Greatly abbreviated code; may have semantic errors as I’m typing it in this post. This is not my actual running code, but shows what I think I’m seeing. I am using a lot of memory on the device. The reason for wanting to switch from cudaMallocManaged to cudaMalloc is that the logic that’s going inside of my device function takes 2.5 seconds when performing the memory write operation. If I have it do some other computation, the function executes in a couple hundred milliseconds. I am randomly writing to all addresses in the array for image processing and I believe that something in the memory management is adversely impacting performance. I’m still 100x faster than the desktop, but my nose tells me I need to be explicit with memory assignment…

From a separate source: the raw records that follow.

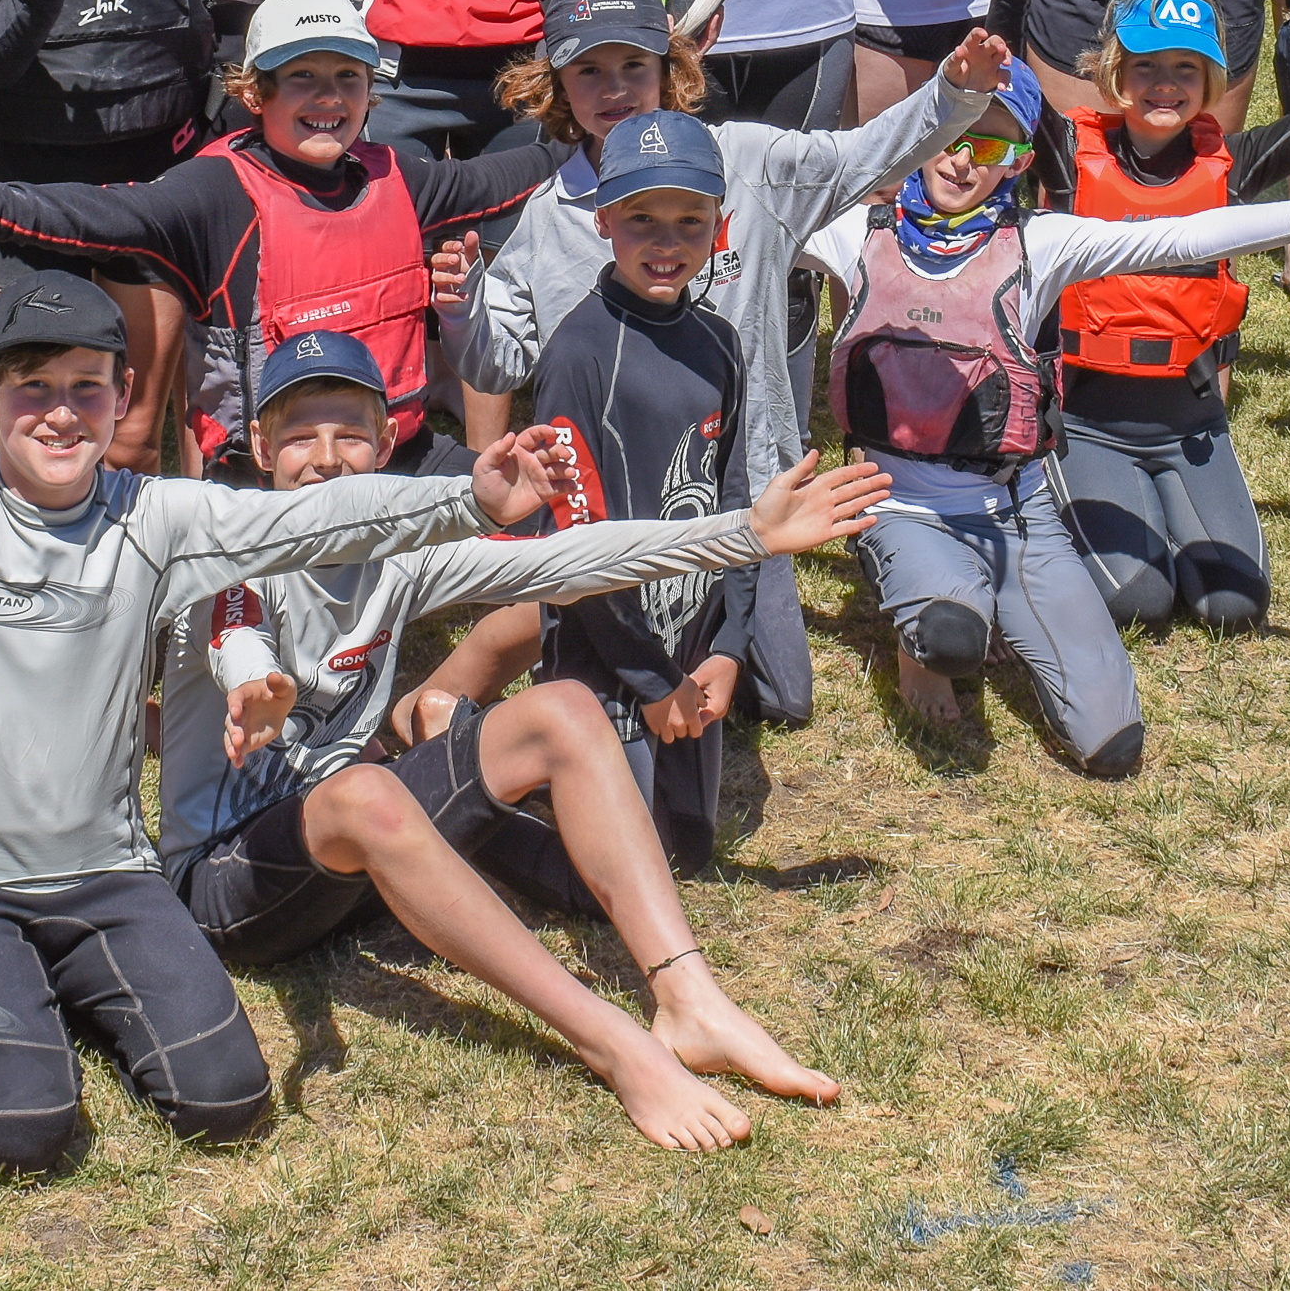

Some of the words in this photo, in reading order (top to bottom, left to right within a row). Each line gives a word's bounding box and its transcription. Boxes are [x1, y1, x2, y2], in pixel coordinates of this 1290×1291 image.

[295, 12, 342, 28] MUSTO
[1159, 0, 1201, 23] AO
[722, 250, 740, 266] SA
[695, 269, 724, 282] SAILNG
[723, 261, 742, 274] TEAM
[906, 305, 943, 324] Gill
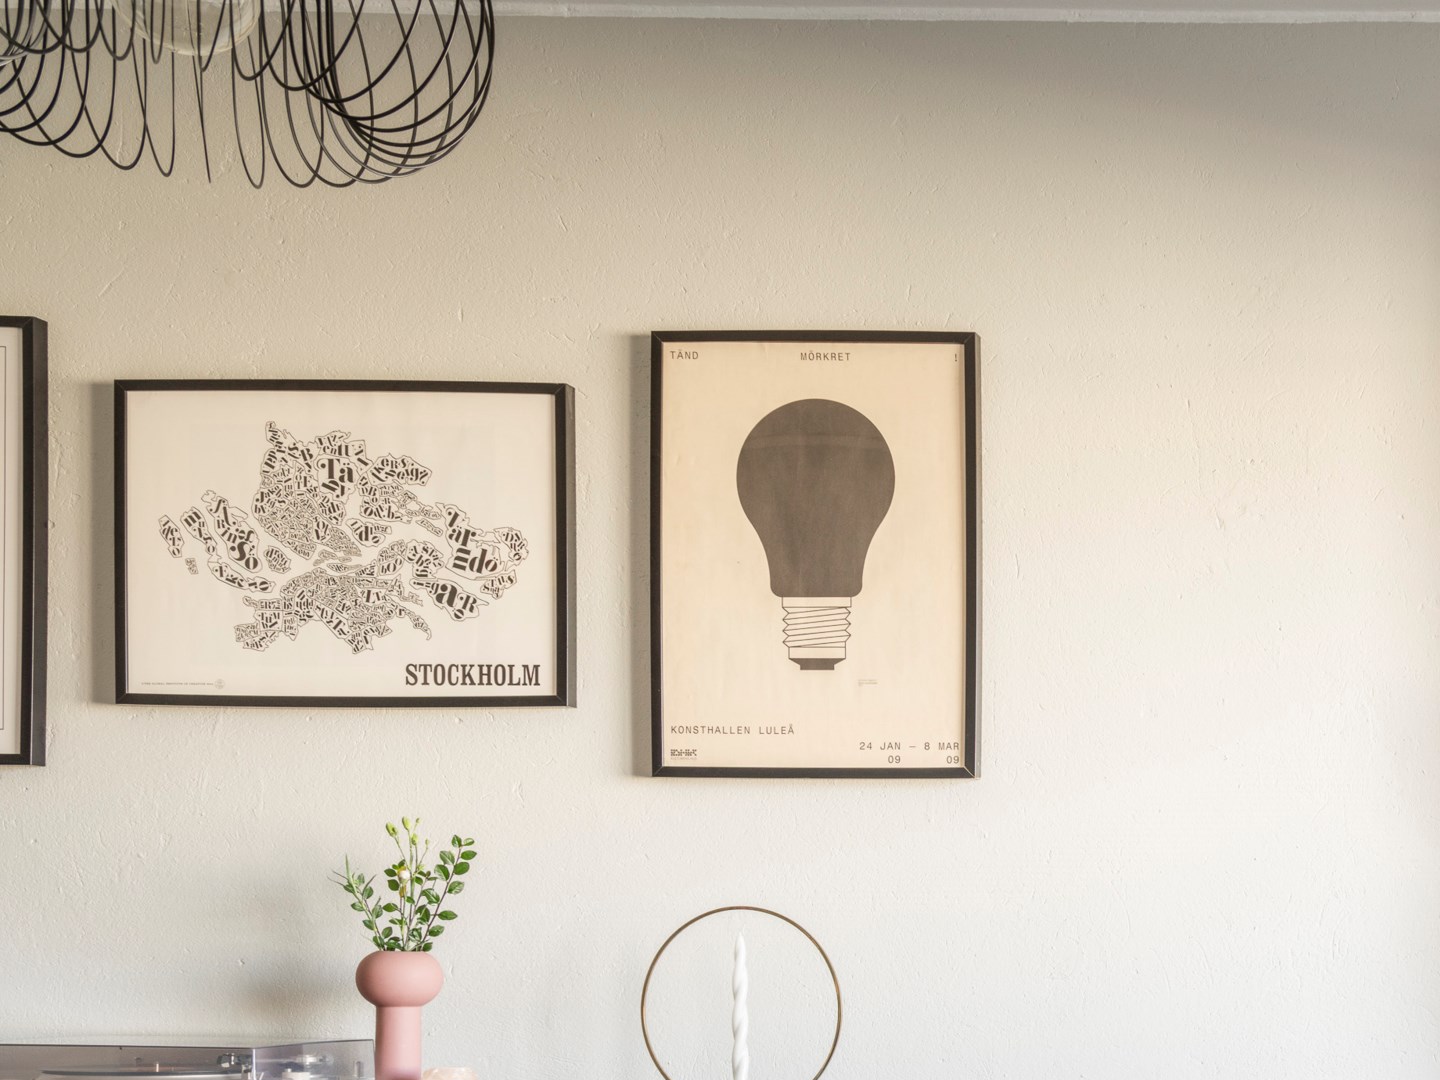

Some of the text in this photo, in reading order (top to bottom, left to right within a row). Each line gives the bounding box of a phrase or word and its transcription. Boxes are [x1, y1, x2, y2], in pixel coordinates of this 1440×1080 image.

[670, 349, 699, 360] TÄND
[800, 350, 851, 362] MÖRKRET
[406, 664, 540, 686] STOCKHOLM
[670, 724, 794, 735] KONSTHALLEN LULEÅ
[859, 742, 873, 751] 24
[880, 742, 902, 751] JAN
[924, 742, 930, 751] 8
[938, 742, 960, 751] MAR
[888, 754, 902, 764] 09
[946, 754, 960, 764] 09

I am not accessing array1 or array2 outside of device code yet. They are intermediate steps that then get merged in a later device operation.

#define WIDTH 4000
#define HEIGHT 2000

__device__ deviceDoSomething(float *arr1, float *arr2)
{
    unsigned x = blockIdx.x*blockDim.x+threadIdx.x;
    unsigned y = blockIdx.y*blockDim.y+threadIdx.y;

    if (x > WIDTH || y > HEIGHT)
         return;

    array1[y*WIDTH+x] = x; //filler code for the example. 
    array2[y*WIDTH+x] = y;
}

void doSomething()
{
    float *array1;
    uint32_t *array2;

    const int arraySize = WIDTH*HEIGHT*sizeof(float);

    CUDA_CHECK_RETURN(cudaMalloc(&array1, arraySize));
    CUDA_CHECK_RETURN(cudaMalloc(&array2, WIDTH*HEIGHT*sizeof(uint32_t))); //If I use cudaMallocManaged here, I get expected results and no error. cudaMalloc gives the exception later in the code. 

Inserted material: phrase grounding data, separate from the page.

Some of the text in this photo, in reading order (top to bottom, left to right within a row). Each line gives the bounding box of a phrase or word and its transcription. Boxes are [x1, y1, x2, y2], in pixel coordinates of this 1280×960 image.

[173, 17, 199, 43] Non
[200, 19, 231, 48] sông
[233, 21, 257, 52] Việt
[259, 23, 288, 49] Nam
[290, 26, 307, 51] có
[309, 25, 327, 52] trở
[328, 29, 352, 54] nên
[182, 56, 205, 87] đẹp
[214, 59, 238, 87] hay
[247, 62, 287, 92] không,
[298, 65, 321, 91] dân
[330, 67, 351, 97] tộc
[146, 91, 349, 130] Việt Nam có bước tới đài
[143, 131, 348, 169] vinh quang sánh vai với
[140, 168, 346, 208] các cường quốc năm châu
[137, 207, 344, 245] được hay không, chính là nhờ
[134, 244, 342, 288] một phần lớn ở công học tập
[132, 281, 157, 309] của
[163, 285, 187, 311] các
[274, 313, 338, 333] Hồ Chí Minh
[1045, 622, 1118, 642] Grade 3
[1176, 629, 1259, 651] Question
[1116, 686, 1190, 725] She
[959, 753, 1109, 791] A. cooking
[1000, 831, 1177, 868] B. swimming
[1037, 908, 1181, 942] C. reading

    dim3 blockDimensions(32, 16); //Read that you want a multiple of 32 and <= total number of GPU cores
    dim3 blockCount((WIDTH + blockDimensions.x)/blockDimensions.x, (HEIGHT + blockDimensions.y)/blockDimensions.y);
 
    CUDA_CHECK_RETURN(cudaDeviceSynchronize()); //Possibly not necessary... testing
    deviceFunctionA<<<blockCount, blockDimensions>>>(array1, array2);
    CUDA_CHECK_RETURN(cudaDeviceSynchronize());
    deviceDoSomething<<<blockCount, blockDimensions>>>(array1, array2);
    CUDA_CHECK_RETURN(cudaDeviceSynchronize()); //Here's where I get my exception. 
//If array1 is initialized using cudaMalloc, there are no issues. 
//However, if I initialize array2 using cudaMalloc and not cudaMallocManaged, 
//and assign a value to array2 in my __device__ function, 
//I get the following error: cudaDeviceSynchronize() returned unspecified launch failure(4) at...
}

Update, in my original code, I had array2[x*WIDTH+y] as my indexing expression. Interestingly enough, the array created with cudaMallocManaged worked as I’m guessing there was enough available memory for it to not complain. max(x) * WIDTH is greater than the array dimensions.

Next step is to figure out a faster way to do non-uniform memory operations.